教養としての<臨床の知>
現代は科学的であるということが非常に力をもっている時代です。したがって、ものごとを捉える目も「普遍的」「論理的」「客観的」であることが尊ばれます。実際われわれの生活は、そのような目によってものごとを捉える<科学の知>によって発展してきました。その恩恵は疑いようのない事実です。しかし、われわれがものごとを捉える目は、そのような科学的な視点だけではありません。
例えば、私の腕時計を説明するのに、「日本製で」「デジタルで」「1万円で」という説明は、私という個人から切り離された客観ですので、誰にでも通じ、意味をもちます。しかし、「この時計は、彼女からもらった大事な時計で、もう古くなっているけど捨てられないんだ」と言ったらどうなるでしょうか。これは「私と時計の関係」を説明しているのであって、客観性を持ち得ません。まさに他の人には「関係のない」お話です。ゆえに、これまではそのような説明はあまり意味がないものとされてきたのです。
しかし、本当にそうでしょうか。場合によっては、そのような「私と時計の関係」のお話こそ大事になる時があるのではないでしょうか。

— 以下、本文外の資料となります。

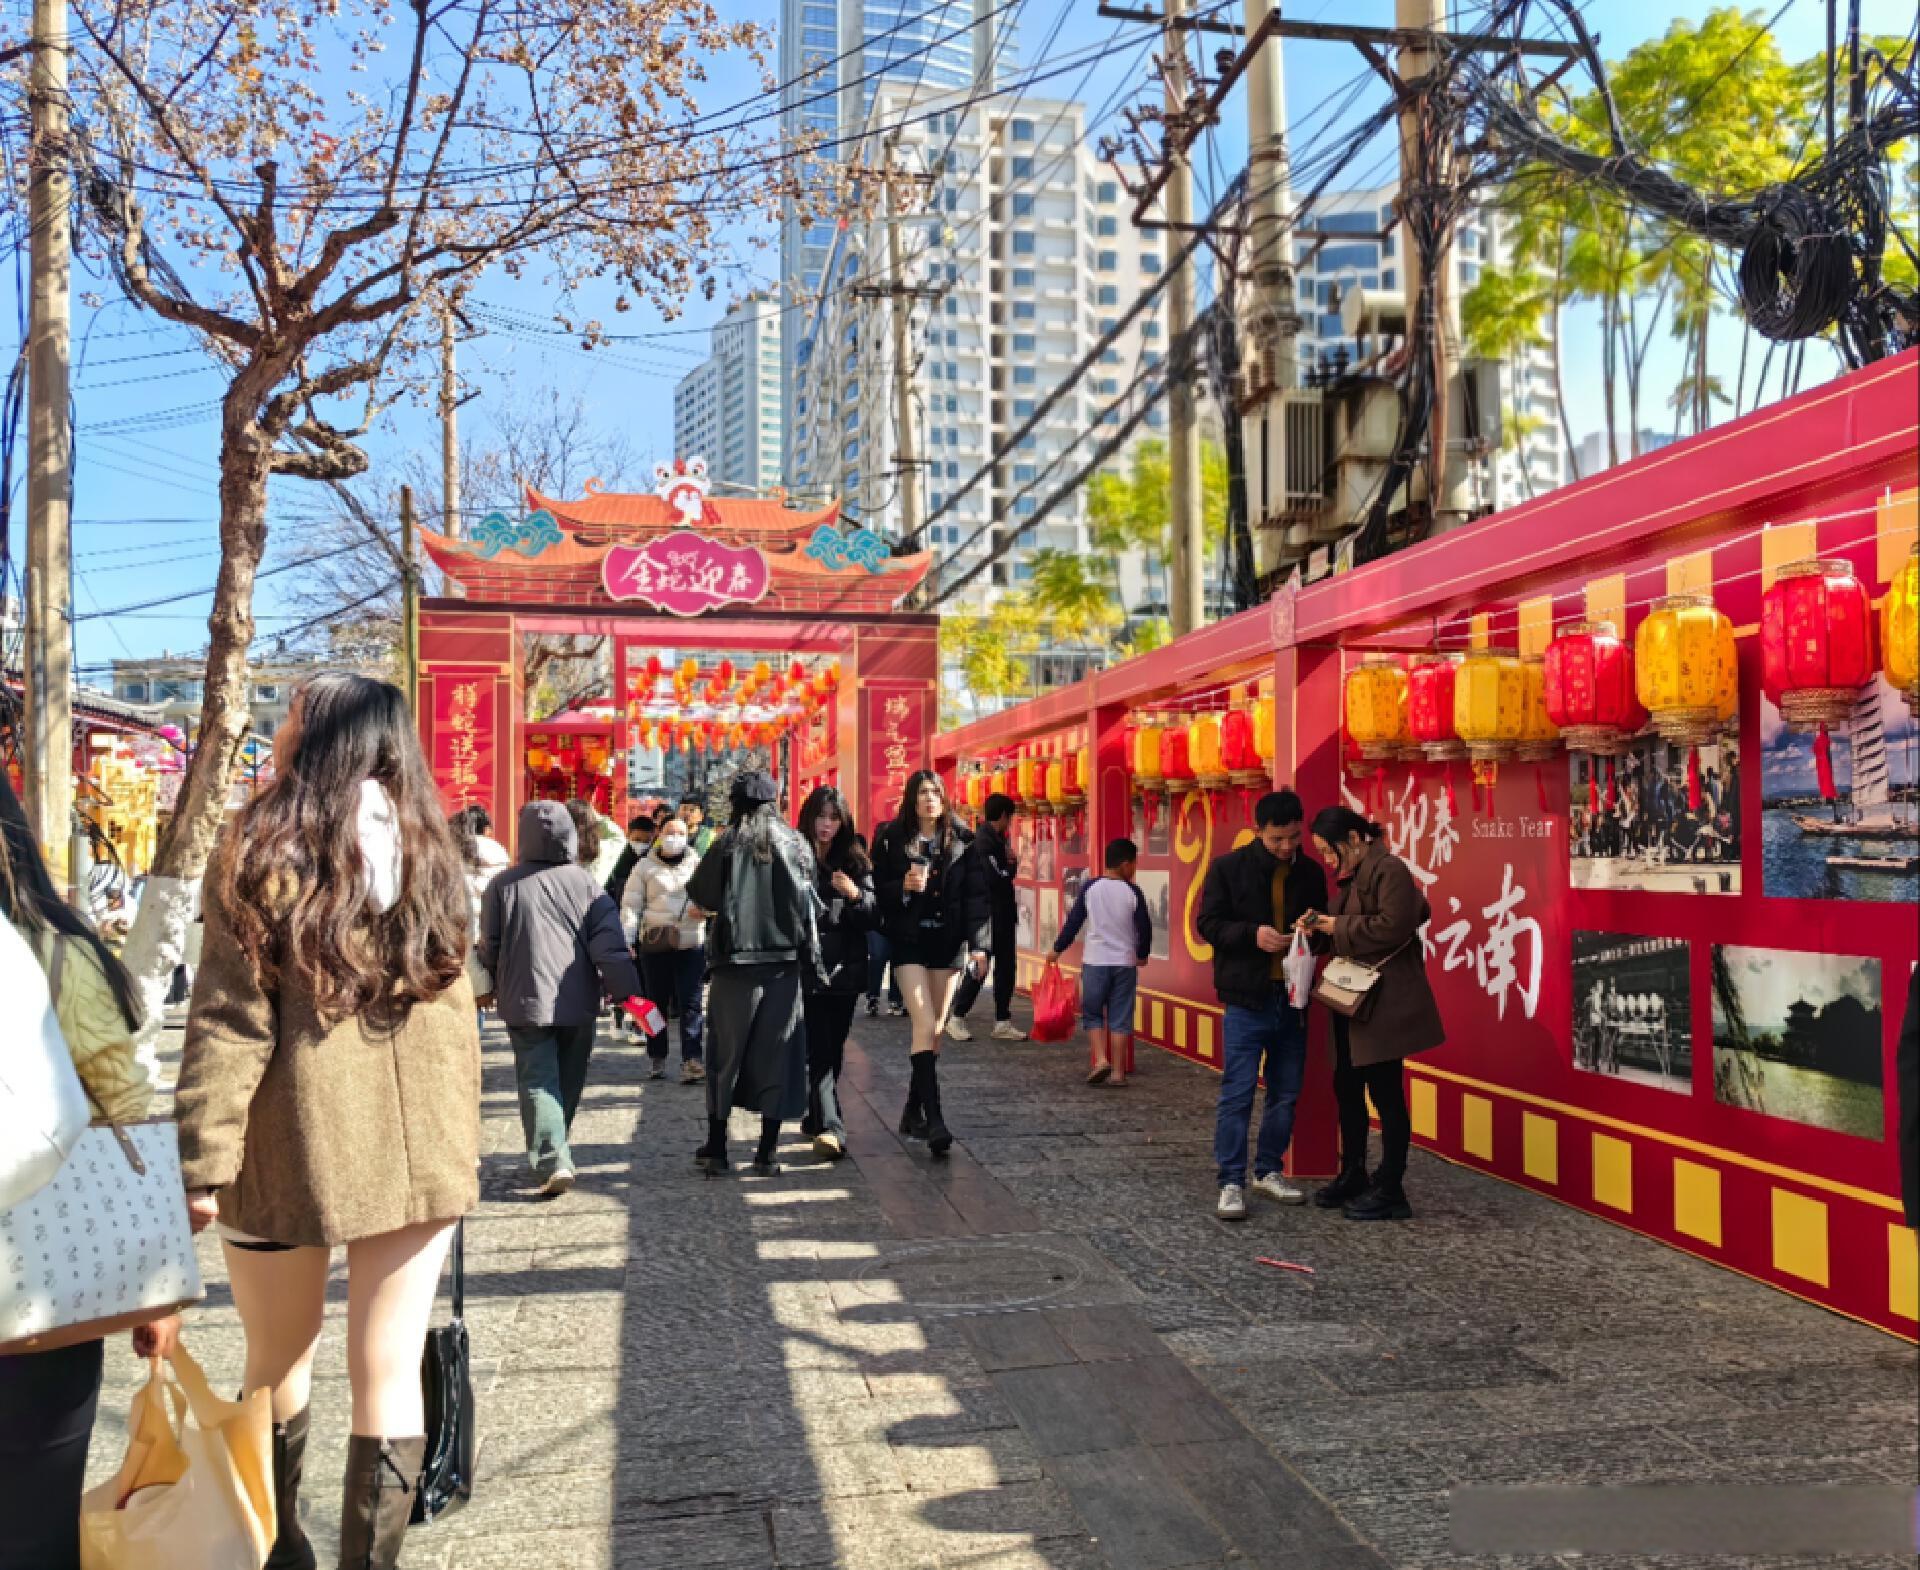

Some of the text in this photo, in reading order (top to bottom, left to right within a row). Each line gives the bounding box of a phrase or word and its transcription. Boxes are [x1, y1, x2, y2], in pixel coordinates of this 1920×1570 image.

[619, 550, 752, 599] 金蛇迎春
[1472, 816, 1553, 838] Snake Year

(それを大事に聞くのが、心理療法というものでありましょうー)
現代ではあまり価値が認められづらくなった「偶然に起こった出来事」や「一回限りの出来事」、「私にとっては大切な出来事」について、身をもってかかわりながら理解するといった捉え方もあるのです。
それを中村雄二郎は<臨床の知>と呼びました。
非常に優れた提案であったと思います。
中村雄二郎の<臨床の知>というパラダイムは、一時期世間を席巻しました。しかし、最近は「臨床の知? 古いね」「まだそんなこと言ってるの?」と言われることもあります。(私は、以前ある大学の採用面接で実際露骨に笑われながら、このようなことを言われました。行かなくて良かったです(笑))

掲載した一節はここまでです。